**Entries provided**.
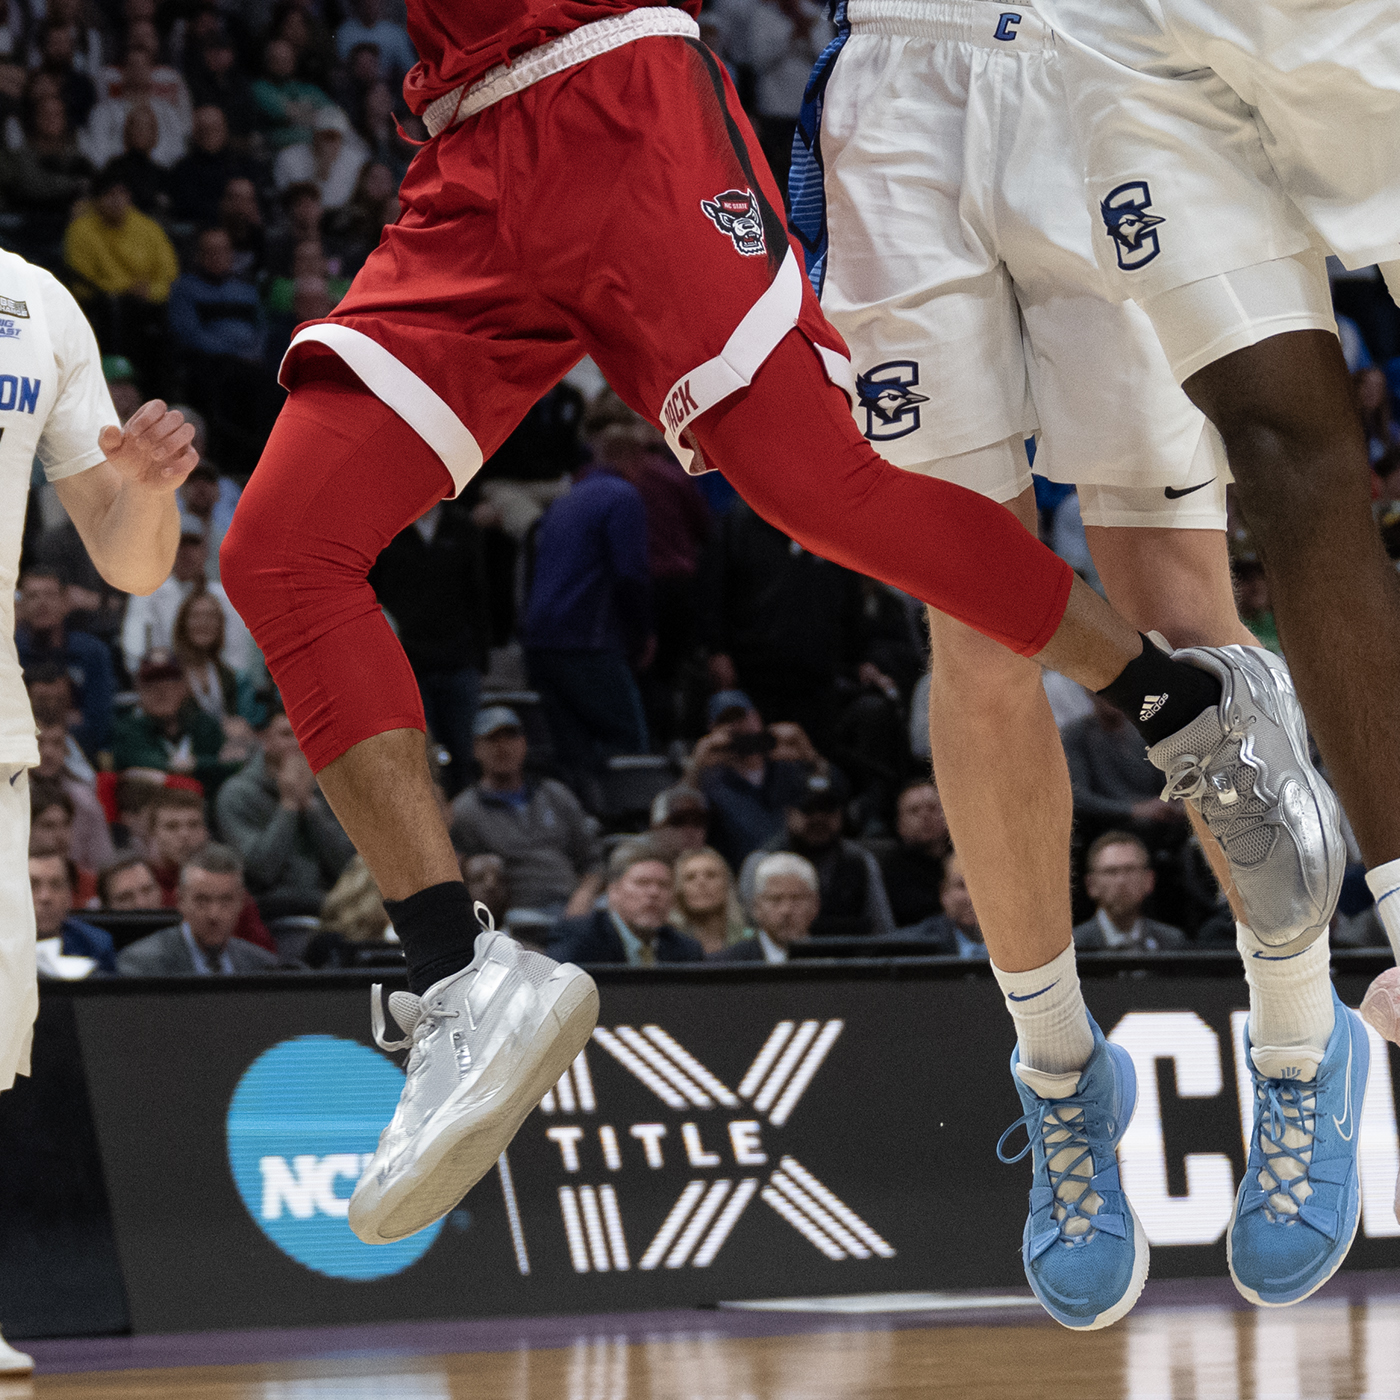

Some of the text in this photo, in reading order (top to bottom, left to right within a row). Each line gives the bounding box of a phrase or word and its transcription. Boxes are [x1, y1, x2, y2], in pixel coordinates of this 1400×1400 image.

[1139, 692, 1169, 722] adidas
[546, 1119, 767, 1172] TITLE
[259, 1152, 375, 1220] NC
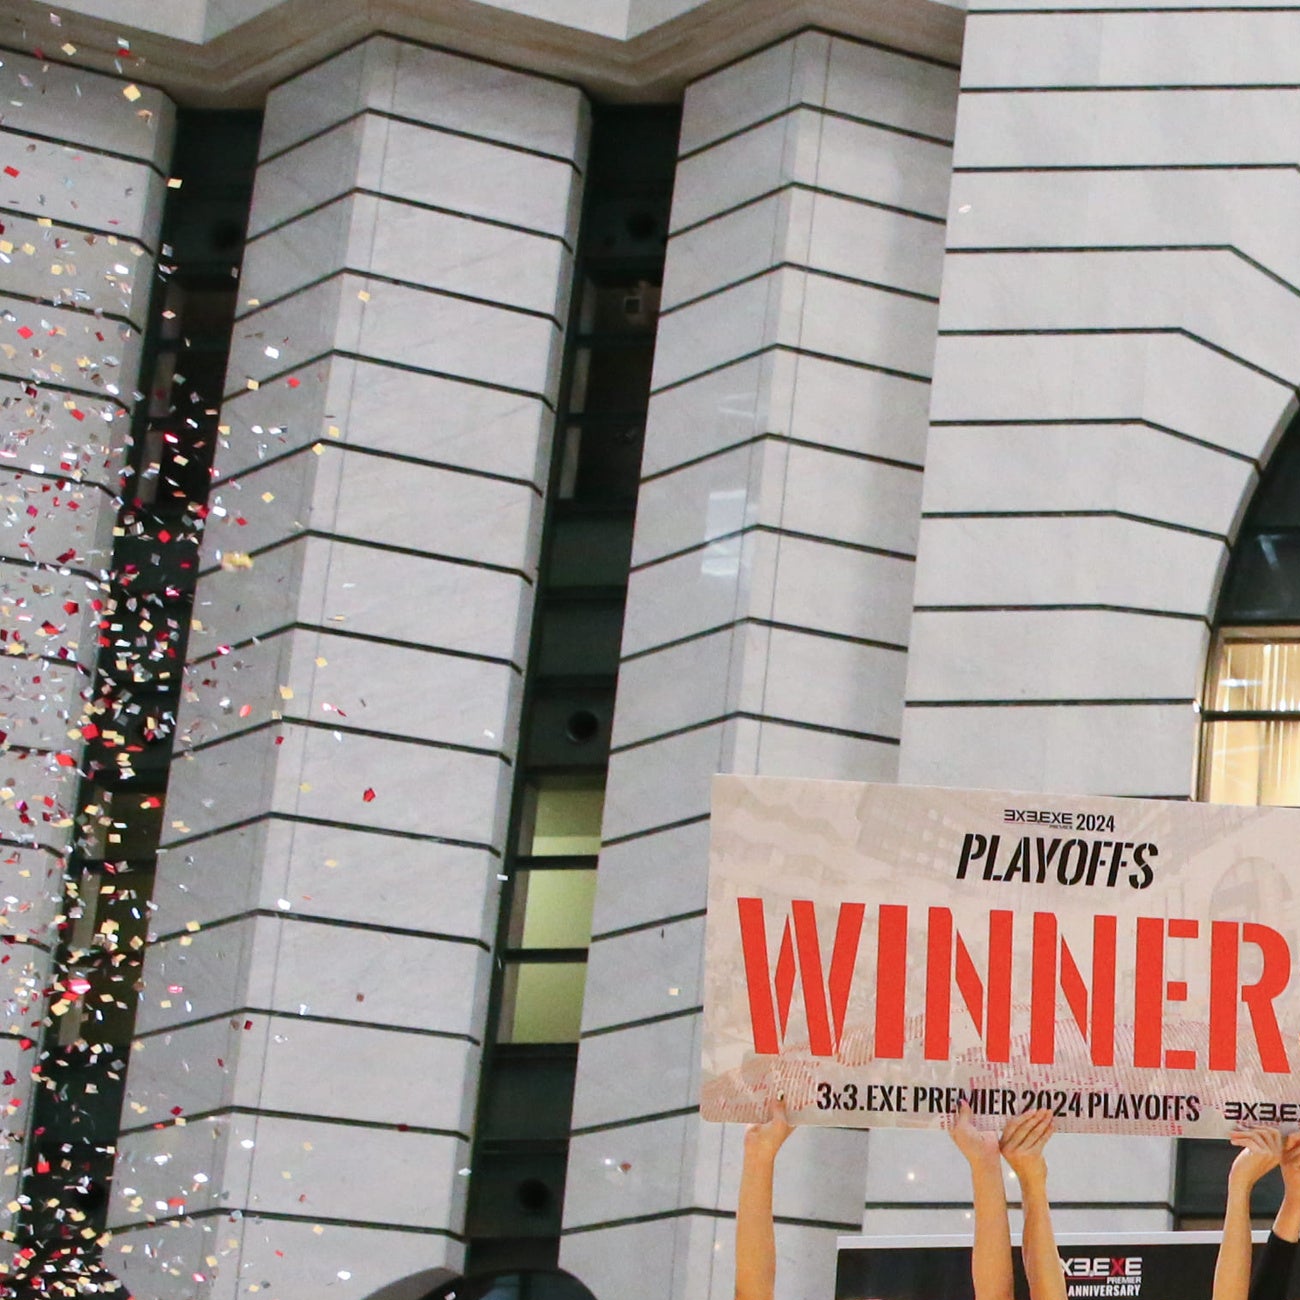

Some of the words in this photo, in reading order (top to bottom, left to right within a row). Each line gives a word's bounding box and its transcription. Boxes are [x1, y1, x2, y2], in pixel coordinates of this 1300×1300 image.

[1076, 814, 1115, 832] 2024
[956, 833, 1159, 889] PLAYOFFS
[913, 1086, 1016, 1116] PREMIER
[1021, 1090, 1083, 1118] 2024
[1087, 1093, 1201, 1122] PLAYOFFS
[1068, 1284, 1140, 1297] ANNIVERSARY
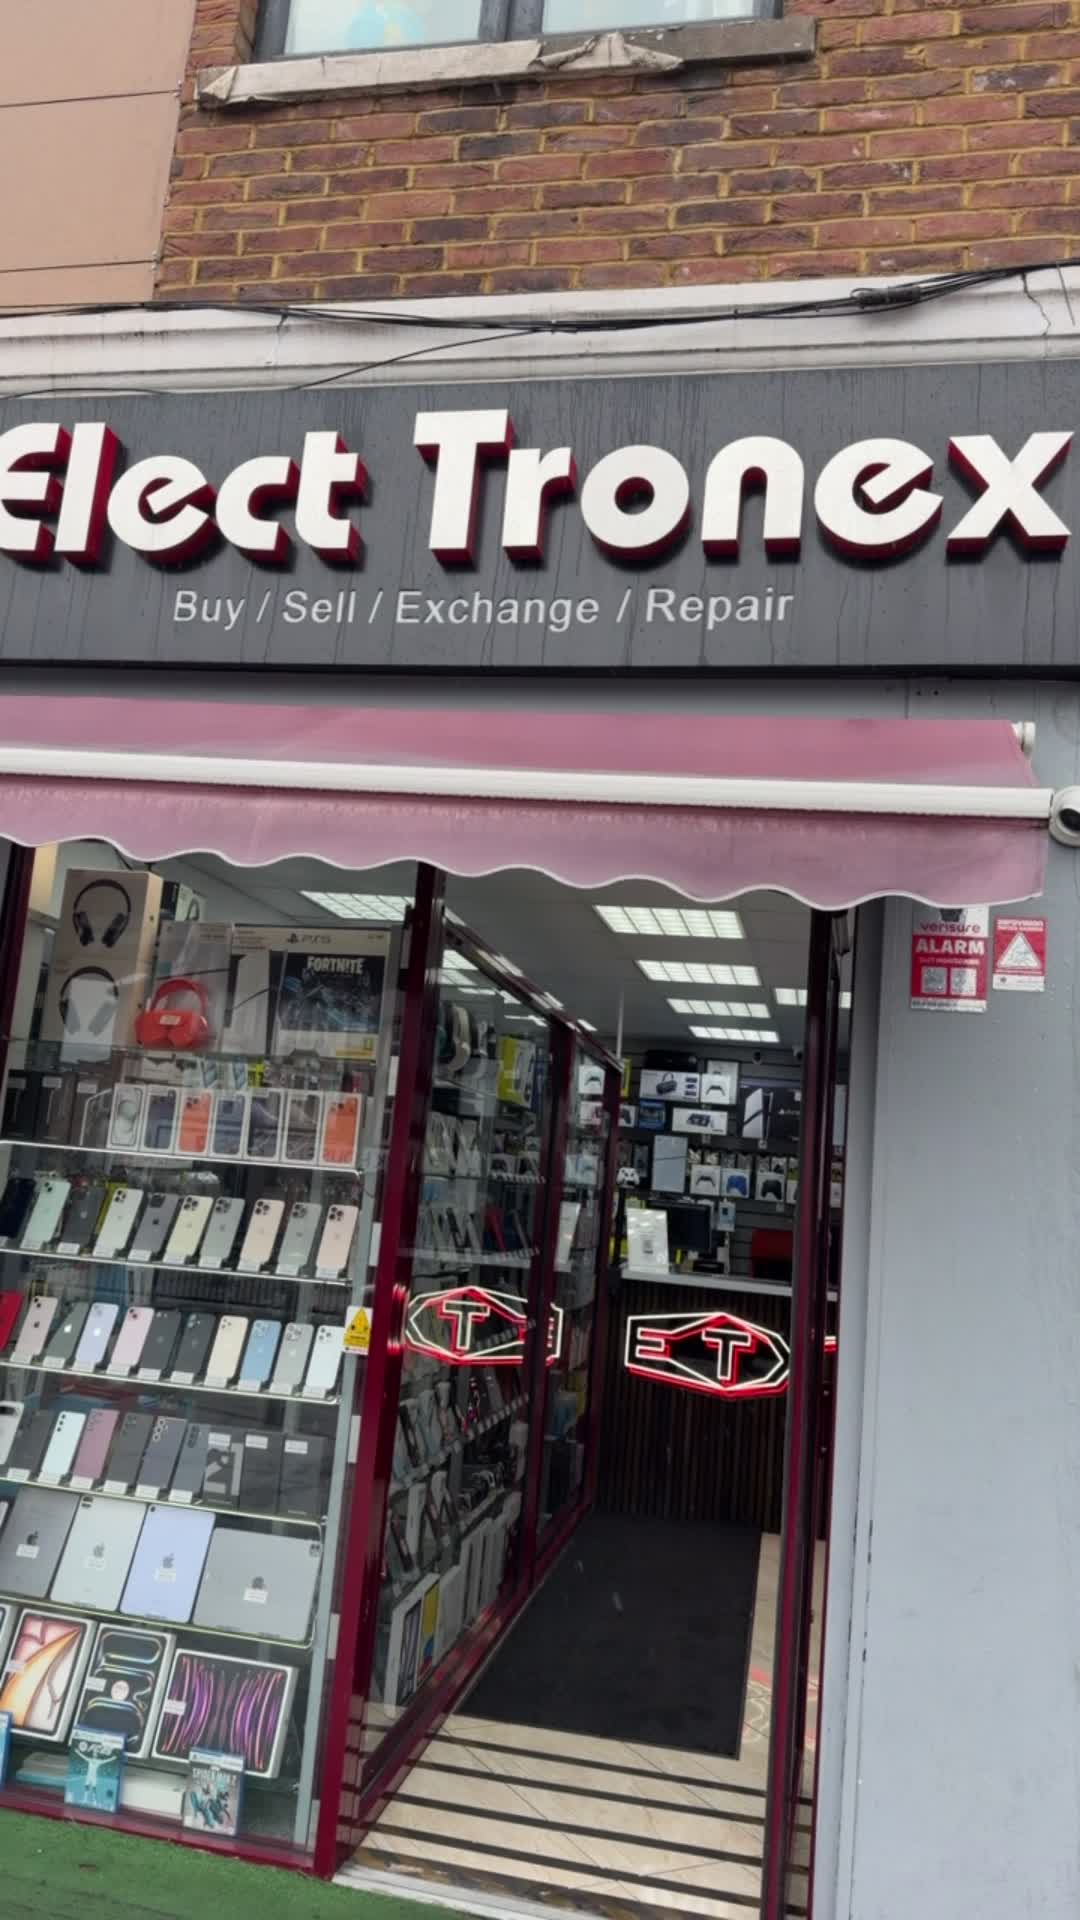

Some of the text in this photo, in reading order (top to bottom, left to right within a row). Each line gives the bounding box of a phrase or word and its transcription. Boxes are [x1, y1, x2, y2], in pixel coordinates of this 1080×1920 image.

**Task item**.
Once the pictures are dropped, repeat the data above exactly.

**Exercise output**.
Some of the text in this photo, in reading order (top to bottom, left to right within a row). Each line gives the bounding box of a phrase or word and its transcription. Boxes are [x1, y1, x2, y2], in pixel coordinates of this 1400×1400 image.

[1139, 692, 1169, 722] adidas
[546, 1119, 767, 1172] TITLE
[259, 1152, 375, 1220] NC

Some of the words in this photo, in reading order (top to bottom, left to right within a row). Each line gives a word's bounding box and its transcription. Boxes are [x1, y1, x2, y2], in pixel coordinates of this 1300×1300 image.

[1076, 814, 1115, 832] 2024
[956, 833, 1159, 889] PLAYOFFS
[913, 1086, 1016, 1116] PREMIER
[1021, 1090, 1083, 1118] 2024
[1087, 1093, 1201, 1122] PLAYOFFS
[1068, 1284, 1140, 1297] ANNIVERSARY

Some of the text in this photo, in reading order (top to bottom, left to right within a row). Each line gives the bounding box of a phrase or word and its transcription. Boxes are [x1, y1, x2, y2], in pixel coordinates of this 1080×1920 image.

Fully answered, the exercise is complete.